**EXERCISE AIM**. Print everything in the records exactly. Leave the pictures out.

-- -- --

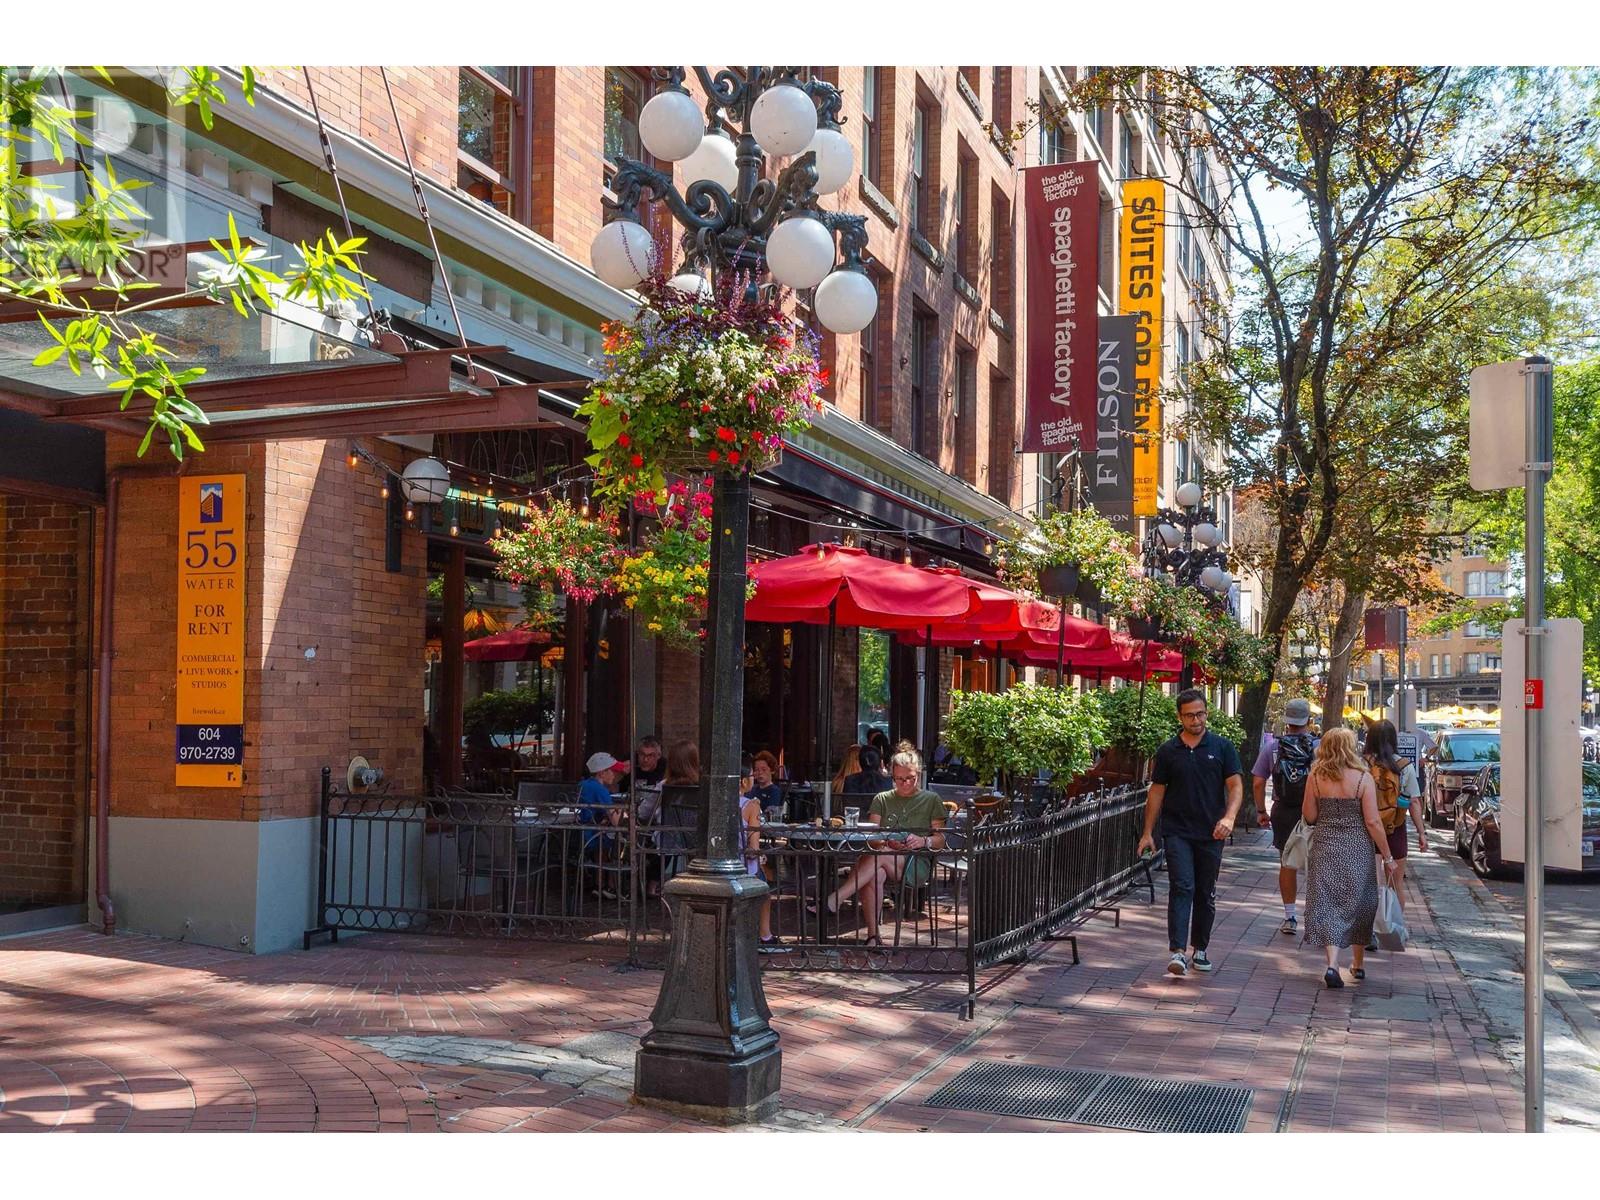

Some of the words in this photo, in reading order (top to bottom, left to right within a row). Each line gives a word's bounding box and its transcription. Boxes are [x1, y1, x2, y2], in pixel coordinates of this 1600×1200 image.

[1042, 175, 1058, 187] the
[1058, 169, 1075, 182] old
[1043, 174, 1084, 195] spaghetti
[1045, 186, 1079, 202] factory
[1129, 196, 1156, 300] SUITES
[1050, 206, 1077, 316] spaghetti
[1050, 318, 1077, 406] factory
[1096, 338, 1121, 488] FILSON
[1040, 421, 1056, 432] the
[1057, 415, 1072, 428] old
[1041, 421, 1083, 439] spaghetti
[185, 528, 237, 569] 55
[186, 578, 235, 590] WATER
[194, 604, 226, 618] FOR
[188, 622, 233, 636] RENT
[182, 654, 237, 663] COMMERCIAL
[186, 667, 206, 676] LIVE
[207, 667, 233, 676] WORK
[191, 681, 227, 689] STUDIOS
[198, 727, 221, 741] 604
[179, 746, 236, 760] 970-2739

-- -- --

**OUTPUT OF THE EXERCISE**.
Some of the words in this photo, in reading order (top to bottom, left to right within a row). Each line gives a word's bounding box and its transcription. Boxes are [x1, y1, x2, y2], in pixel coordinates of this 1600×1200 image.

[1042, 175, 1058, 187] the
[1058, 169, 1075, 182] old
[1043, 174, 1084, 195] spaghetti
[1045, 186, 1079, 202] factory
[1129, 196, 1156, 300] SUITES
[1050, 206, 1077, 316] spaghetti
[1050, 318, 1077, 406] factory
[1096, 338, 1121, 488] FILSON
[1040, 421, 1056, 432] the
[1057, 415, 1072, 428] old
[1041, 421, 1083, 439] spaghetti
[185, 528, 237, 569] 55
[186, 578, 235, 590] WATER
[194, 604, 226, 618] FOR
[188, 622, 233, 636] RENT
[182, 654, 237, 663] COMMERCIAL
[186, 667, 206, 676] LIVE
[207, 667, 233, 676] WORK
[191, 681, 227, 689] STUDIOS
[198, 727, 221, 741] 604
[179, 746, 236, 760] 970-2739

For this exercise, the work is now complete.